### Directions
Every entry below should be written out exactly, and no image should appear.

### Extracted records

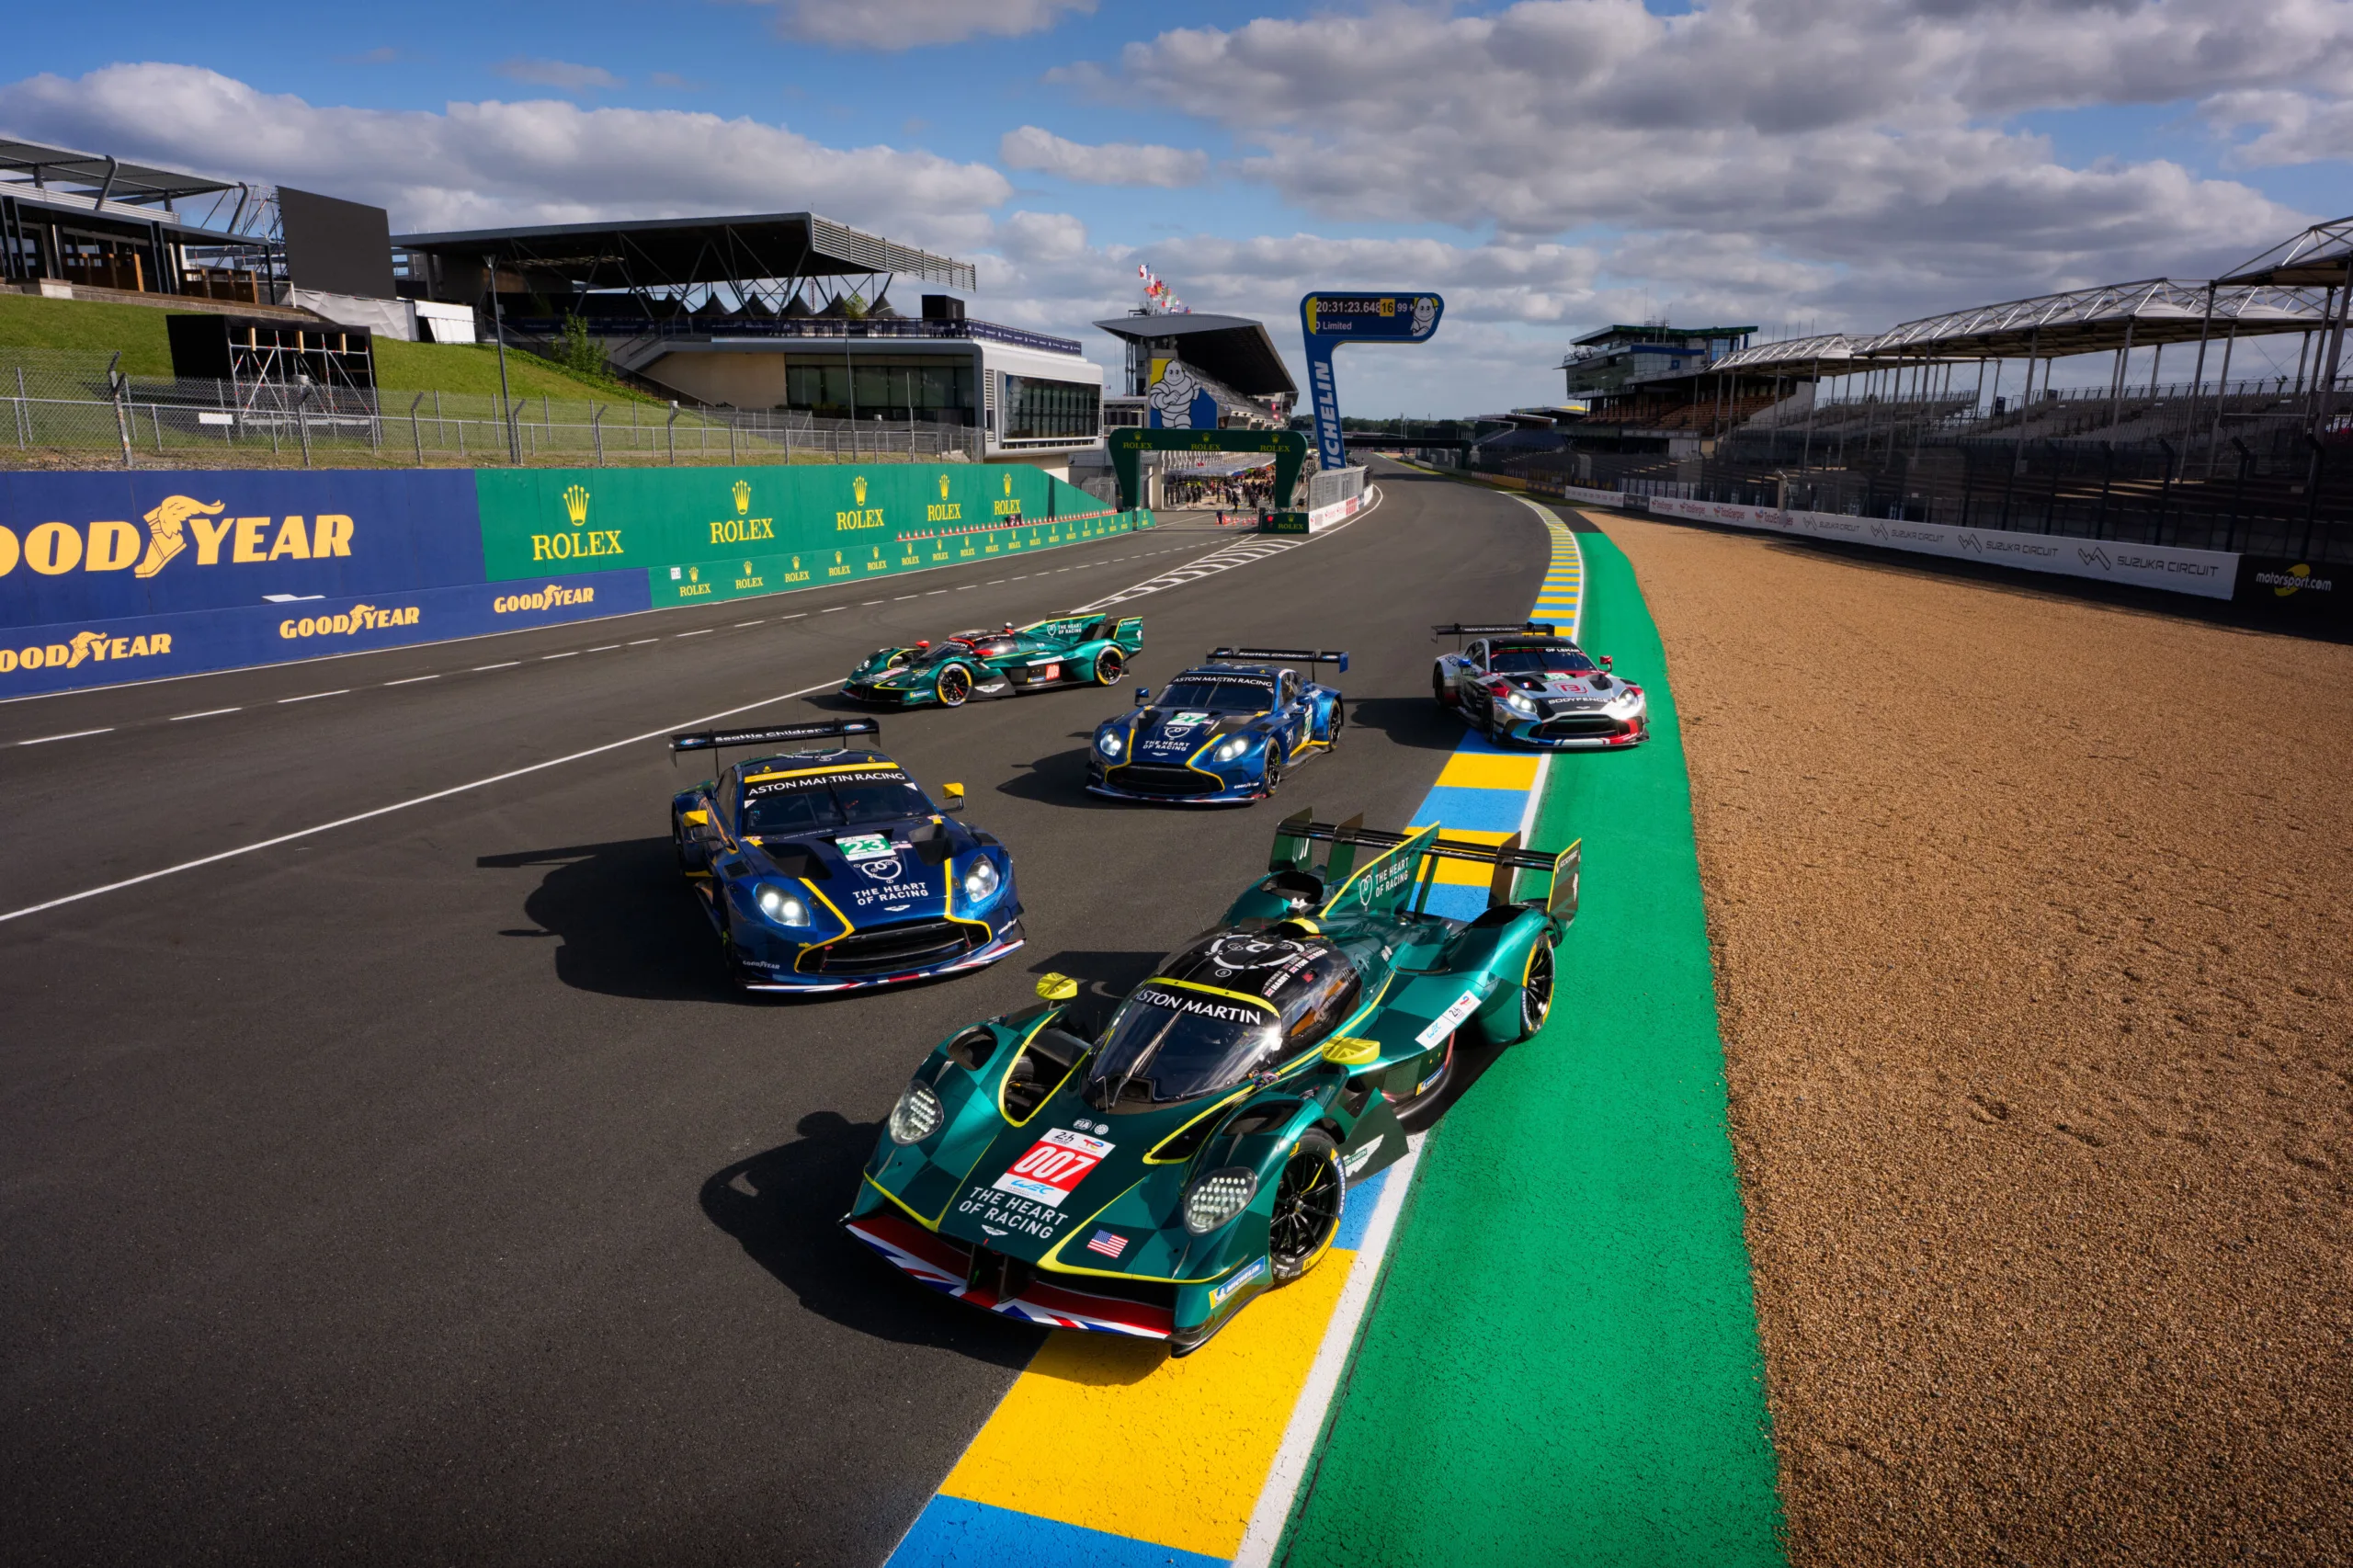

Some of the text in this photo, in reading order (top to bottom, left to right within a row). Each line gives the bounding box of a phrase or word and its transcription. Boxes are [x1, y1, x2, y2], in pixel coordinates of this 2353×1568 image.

[1381, 301, 1393, 313] 16
[1397, 303, 1407, 312] 99
[1323, 322, 1352, 331] Limited
[927, 503, 961, 521] ROLEX
[994, 499, 1021, 516] ROLEX
[1721, 507, 1745, 521] TotalEnergies
[836, 508, 884, 530] ROLEX
[1819, 520, 1861, 532] SUZUKA CIRCUIT
[710, 517, 775, 544] ROLEX
[1892, 529, 1945, 543] SUZUKA CIRCUIT
[531, 530, 624, 562] ROLEX
[961, 548, 975, 557] ROLEX
[1985, 540, 2059, 558] SUZUKA CIRCUIT
[902, 556, 919, 565] ROLEX
[933, 552, 949, 561] ROLEX
[829, 565, 851, 576] ROLEX
[867, 561, 887, 571] ROLEX
[2118, 555, 2219, 577] SUZUKA CIRCUIT
[735, 577, 763, 589] ROLEX
[785, 571, 810, 583] ROLEX
[2256, 572, 2332, 592] motorsport.com
[679, 584, 711, 597] ROLEX
[494, 585, 595, 614] GOODYEAR
[279, 607, 420, 639] GOODYEAR
[1238, 678, 1273, 687] RACING
[1548, 697, 1609, 705] BODYFENCE
[715, 733, 764, 742] Seattle
[748, 781, 797, 797] ASTON
[800, 774, 852, 788] MARTIN
[854, 772, 905, 781] RACING
[845, 840, 886, 855] 23
[1375, 857, 1409, 884] THE HEART
[853, 882, 926, 899] THE HEART
[1375, 870, 1408, 897] OF RACING
[858, 890, 928, 905] OF RACING
[1270, 972, 1290, 991] HARRY
[1182, 1000, 1261, 1025] MARTIN
[1074, 1119, 1090, 1130] FIA
[1352, 1149, 1367, 1162] MARTIN
[1014, 1145, 1097, 1183] 007
[1011, 1179, 1056, 1195] WEC
[1337, 1165, 1347, 1215] MICHELIN
[970, 1187, 1006, 1205] THE
[1006, 1197, 1068, 1226] HEART
[959, 1200, 1053, 1239] OF RACING
[1227, 1264, 1260, 1293] MICHELIN

### Response to the task
Some of the text in this photo, in reading order (top to bottom, left to right within a row). Each line gives the bounding box of a phrase or word and its transcription. Boxes are [x1, y1, x2, y2], in pixel coordinates of this 2353×1568 image.

[1381, 301, 1393, 313] 16
[1397, 303, 1407, 312] 99
[1323, 322, 1352, 331] Limited
[927, 503, 961, 521] ROLEX
[994, 499, 1021, 516] ROLEX
[1721, 507, 1745, 521] TotalEnergies
[836, 508, 884, 530] ROLEX
[1819, 520, 1861, 532] SUZUKA CIRCUIT
[710, 517, 775, 544] ROLEX
[1892, 529, 1945, 543] SUZUKA CIRCUIT
[531, 530, 624, 562] ROLEX
[961, 548, 975, 557] ROLEX
[1985, 540, 2059, 558] SUZUKA CIRCUIT
[902, 556, 919, 565] ROLEX
[933, 552, 949, 561] ROLEX
[829, 565, 851, 576] ROLEX
[867, 561, 887, 571] ROLEX
[2118, 555, 2219, 577] SUZUKA CIRCUIT
[735, 577, 763, 589] ROLEX
[785, 571, 810, 583] ROLEX
[2256, 572, 2332, 592] motorsport.com
[679, 584, 711, 597] ROLEX
[494, 585, 595, 614] GOODYEAR
[279, 607, 420, 639] GOODYEAR
[1238, 678, 1273, 687] RACING
[1548, 697, 1609, 705] BODYFENCE
[715, 733, 764, 742] Seattle
[748, 781, 797, 797] ASTON
[800, 774, 852, 788] MARTIN
[854, 772, 905, 781] RACING
[845, 840, 886, 855] 23
[1375, 857, 1409, 884] THE HEART
[853, 882, 926, 899] THE HEART
[1375, 870, 1408, 897] OF RACING
[858, 890, 928, 905] OF RACING
[1270, 972, 1290, 991] HARRY
[1182, 1000, 1261, 1025] MARTIN
[1074, 1119, 1090, 1130] FIA
[1352, 1149, 1367, 1162] MARTIN
[1014, 1145, 1097, 1183] 007
[1011, 1179, 1056, 1195] WEC
[1337, 1165, 1347, 1215] MICHELIN
[970, 1187, 1006, 1205] THE
[1006, 1197, 1068, 1226] HEART
[959, 1200, 1053, 1239] OF RACING
[1227, 1264, 1260, 1293] MICHELIN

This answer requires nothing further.